[Data items]
╭──

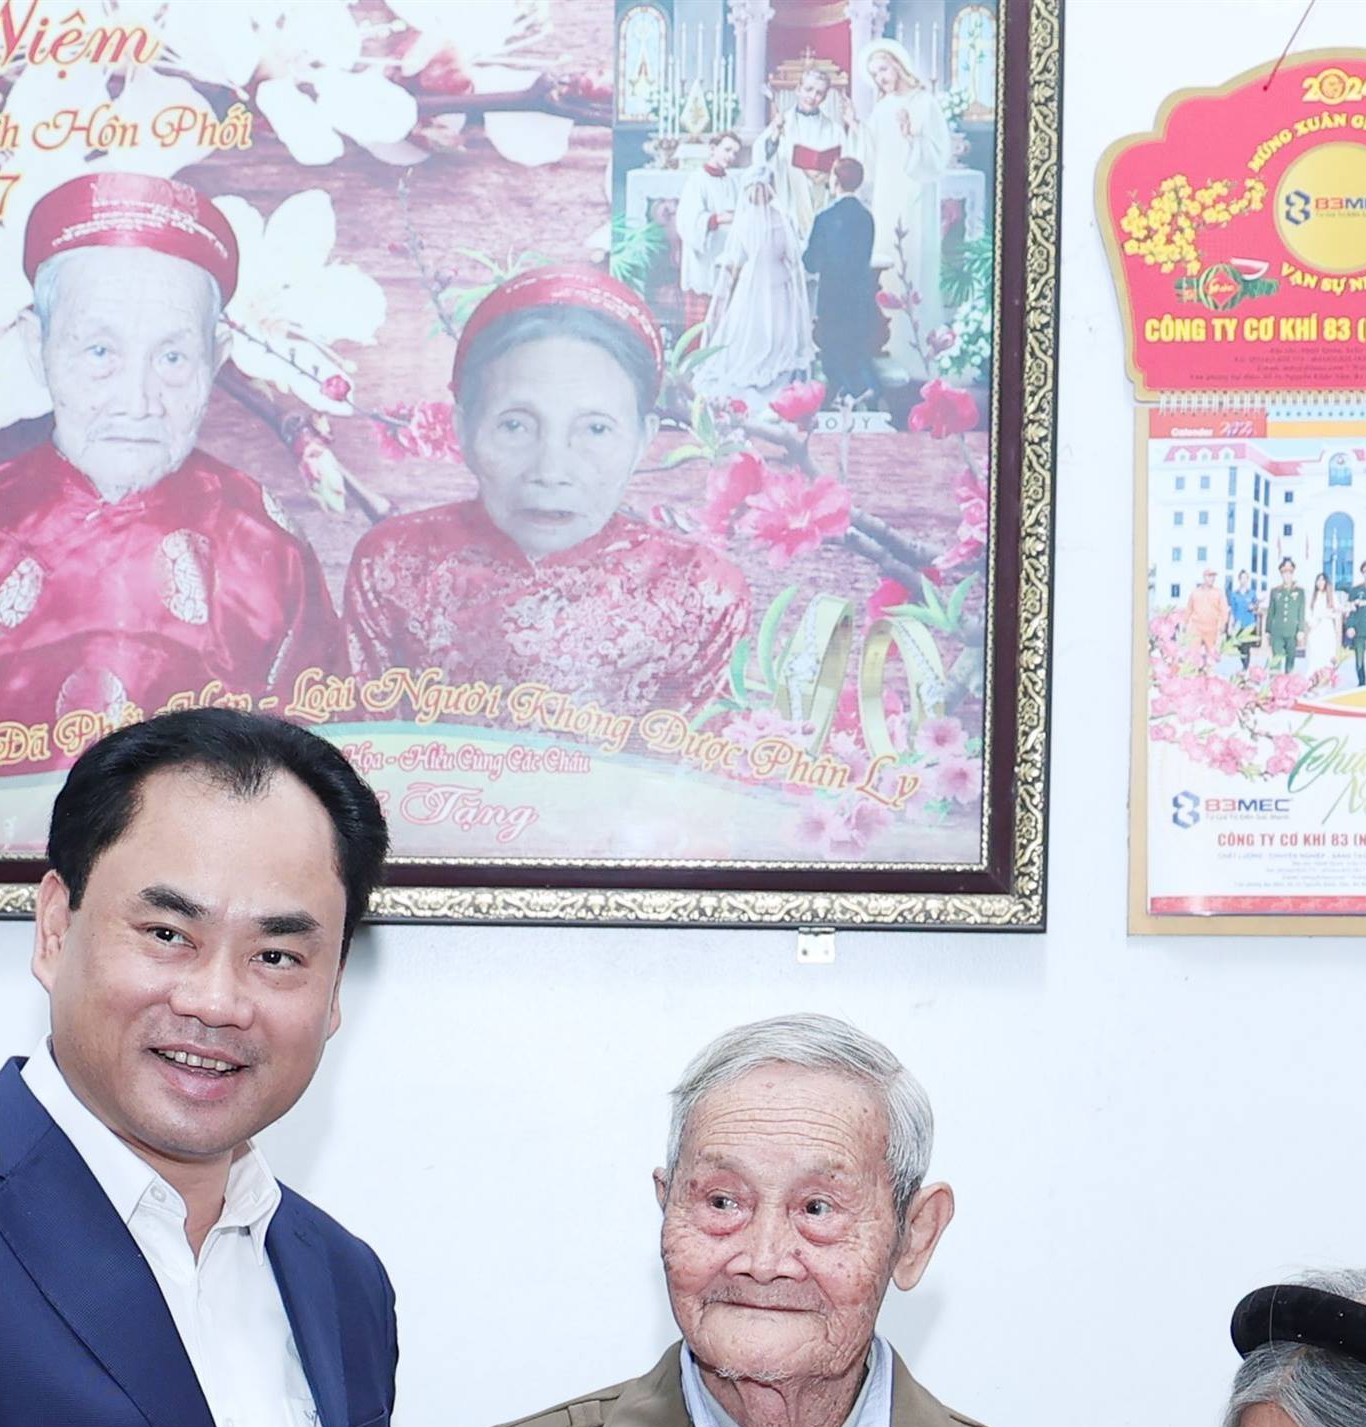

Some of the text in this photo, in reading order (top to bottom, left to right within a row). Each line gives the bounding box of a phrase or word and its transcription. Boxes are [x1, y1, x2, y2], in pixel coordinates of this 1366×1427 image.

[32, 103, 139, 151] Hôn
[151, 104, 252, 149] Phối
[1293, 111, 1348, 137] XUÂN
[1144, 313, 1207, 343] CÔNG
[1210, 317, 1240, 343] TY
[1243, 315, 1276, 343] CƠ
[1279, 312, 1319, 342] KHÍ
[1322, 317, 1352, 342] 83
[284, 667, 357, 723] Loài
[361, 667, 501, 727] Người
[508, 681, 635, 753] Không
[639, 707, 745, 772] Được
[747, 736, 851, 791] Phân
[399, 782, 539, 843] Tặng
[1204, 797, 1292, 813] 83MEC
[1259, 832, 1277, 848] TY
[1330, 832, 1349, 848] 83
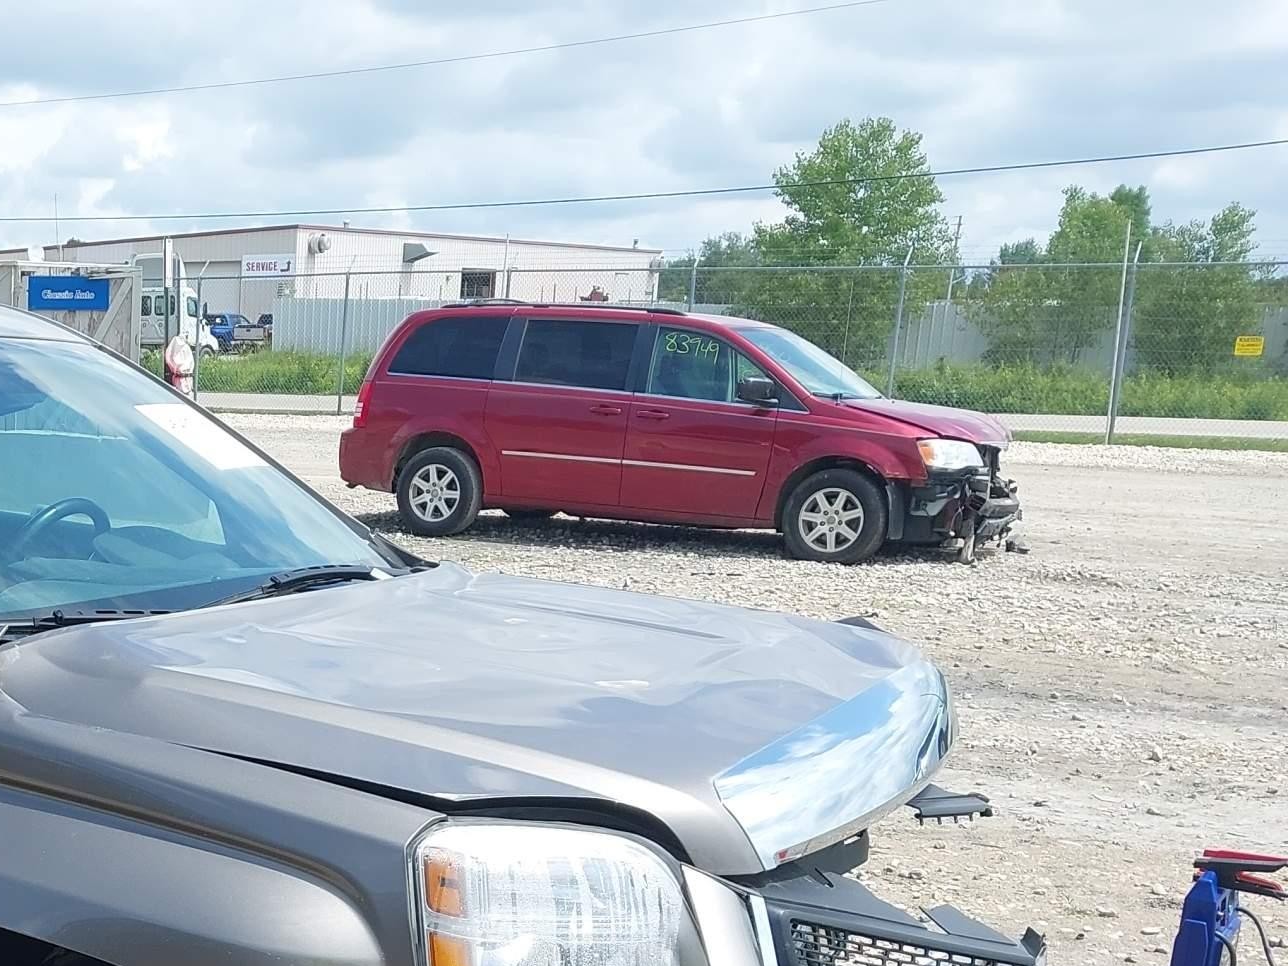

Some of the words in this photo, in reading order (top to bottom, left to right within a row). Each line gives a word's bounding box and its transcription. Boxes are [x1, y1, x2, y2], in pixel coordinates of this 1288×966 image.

╰──

Directions for this task:
Set down the records again verbatim, with no pictures.

Task output:
Some of the text in this photo, in reading order (top to bottom, left to right within a row). Each line gives the bounding box of a phrase or word and its transcription. Boxes are [x1, y1, x2, y2], in pixel coordinates of this 1366×1427 image.

[32, 103, 139, 151] Hôn
[151, 104, 252, 149] Phối
[1293, 111, 1348, 137] XUÂN
[1144, 313, 1207, 343] CÔNG
[1210, 317, 1240, 343] TY
[1243, 315, 1276, 343] CƠ
[1279, 312, 1319, 342] KHÍ
[1322, 317, 1352, 342] 83
[284, 667, 357, 723] Loài
[361, 667, 501, 727] Người
[508, 681, 635, 753] Không
[639, 707, 745, 772] Được
[747, 736, 851, 791] Phân
[399, 782, 539, 843] Tặng
[1204, 797, 1292, 813] 83MEC
[1259, 832, 1277, 848] TY
[1330, 832, 1349, 848] 83

Some of the words in this photo, in reading order (top to bottom, left to right within a row). Each line gives a word's bounding box and its transcription. Boxes are [x1, y1, x2, y2], in pixel coordinates of this 1288×966 image.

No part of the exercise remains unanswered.